Photographs above: Clusters of mildly atypical hepatocytes are surrounded by globular pink proteinaceous material and non-degenerate or partially disrupted neutrophils. The sample is mildly blood contaminated and well preserved.

Diagnosis:

Hepatic amyloidosis with moderate neutrophilic inflammation and likely hepatocellular hyperplasia.

Discussion:

The most notable cytologic finding in this case is the pink proteinaceous material surrounding the hepatocytes. This is an infrequent cytologic finding, which is highly suggestive of amyloid. For confirmation of amyloid, a Congo-red stain was performed. The proteinaceous material stained red-orange with birefringence observed on polarized light. This confirmed that the material was amyloid. Renal samples were not submitted, but the presence of renal azotaemia with significant proteinuria suggests that renal amyloidosis was also present.

Amyloidosis is not a specific disease. Rather it refers to a group of protein misfolding disorders characterized by deposition of amyloid protein in various organs and tissues. AA-amyloidosis is the most common form of amyloidosis in domestic animals.1 Amyloid protein AA is an amino-terminal fragment of the acute phase protein serum amyloid A or SAA.2 SAA is produced in response to tissue injury associated with chronic inflammatory or neoplastic diseases, or amyloid deposition can be idiopathic.1,2 Clinical presentations will vary, based on the organs affected and the severity of the amyloid deposition. Reactive systemic amyloidosis secondary to chronic inflammatory conditions may affect liver, kidneys, spleen, lymph nodes, and adrenal glands. The kidney is the main target organ for the deposition of amyloid in familial amyloidosis in Abyssinian cats and Shar-Pei dogs, and the liver tends to be the target organ in Siamese cats.1

Hepatic amyloidosis is uncommonly reported in cats, and the majority of cases are either Siamese or Oriental breeds. Prognosis is usually poor with most of the reported cats either being euthanized or dying acutely; hepatic rupture with haemoabdomen is reported in cats affected with this condition.3 According to one study, cats with FIV are more likely than the general cat population to have amyloid deposits in their tissues,4 and that may have been a predisposing condition in this case, in addition to breed predilection.

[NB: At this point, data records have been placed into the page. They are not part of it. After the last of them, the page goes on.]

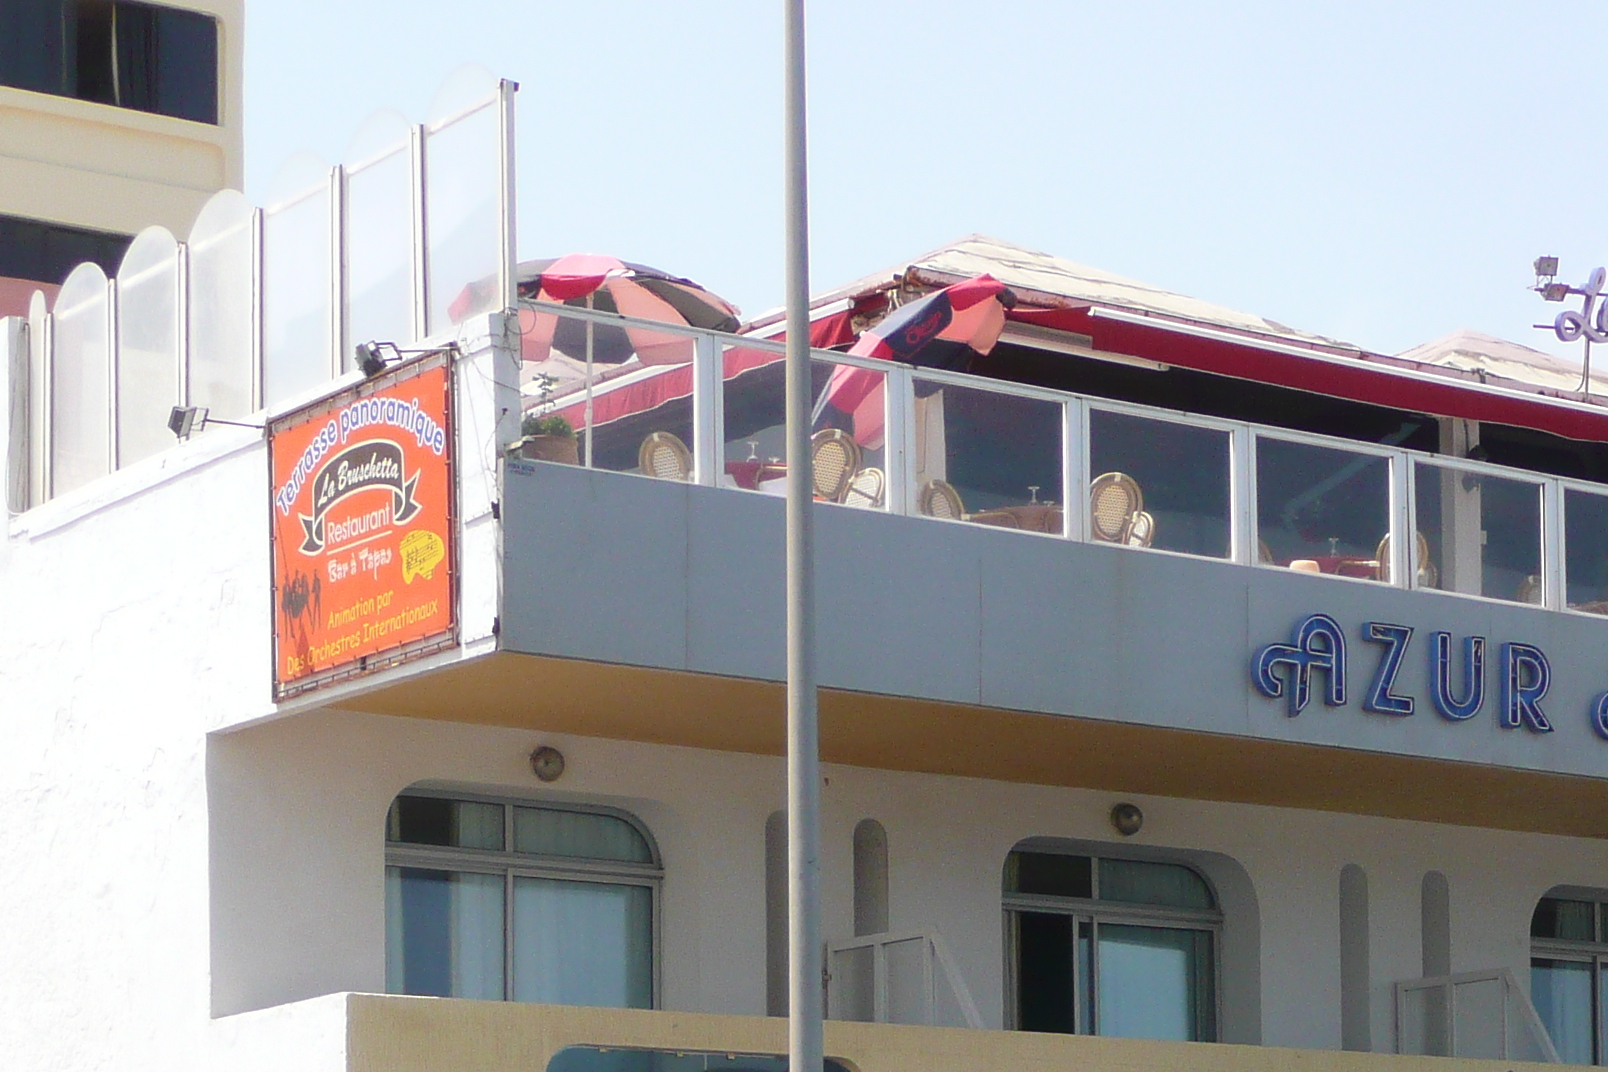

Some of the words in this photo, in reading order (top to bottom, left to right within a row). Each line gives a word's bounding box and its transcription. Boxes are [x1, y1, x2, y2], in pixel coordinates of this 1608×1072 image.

[277, 421, 337, 515] Terrasse
[340, 398, 444, 454] panoramique
[318, 473, 336, 507] La
[337, 452, 399, 491] Bruschetta
[327, 503, 390, 544] Restaurant
[328, 559, 348, 582] Bar
[350, 553, 357, 575] à
[359, 547, 392, 580] Tapas
[287, 653, 304, 675] Des
[308, 632, 361, 665] Orchestres
[363, 599, 438, 643] Internationaux
[327, 597, 375, 630] Animation
[377, 590, 394, 614] par
[1251, 613, 1554, 734] AZUR

Thank you to Tommy Fluen and Veterinary Specialist Group in Auckland for this interesting case.

References:

1. Woldemeskel M. A concise review of amyloidosis in animals. Vet Med Int. 2012:427296, 2012.

2. Nelson RW and Couto GC. Glomerulonephropathies in Small Animal Internal Medicine, ed 3, Mosby, p.602, 2003.

3. Neo-Suzuki S, Mineshige T, Kamiie J, et al. Hepatic AA amyloidosis in a cat: cytologic and histologic identification of AA amyloid in macrophages. Vet Clin Pathol. 46:331-336, 2017.

4. Asproni P, Abramo F, Millanta F, Lorenzi D, Poli A. Amyloidosis in association with spontaneous feline immunodeficiency virus infection. J Feline Med Surg. 15:300-306, 2013.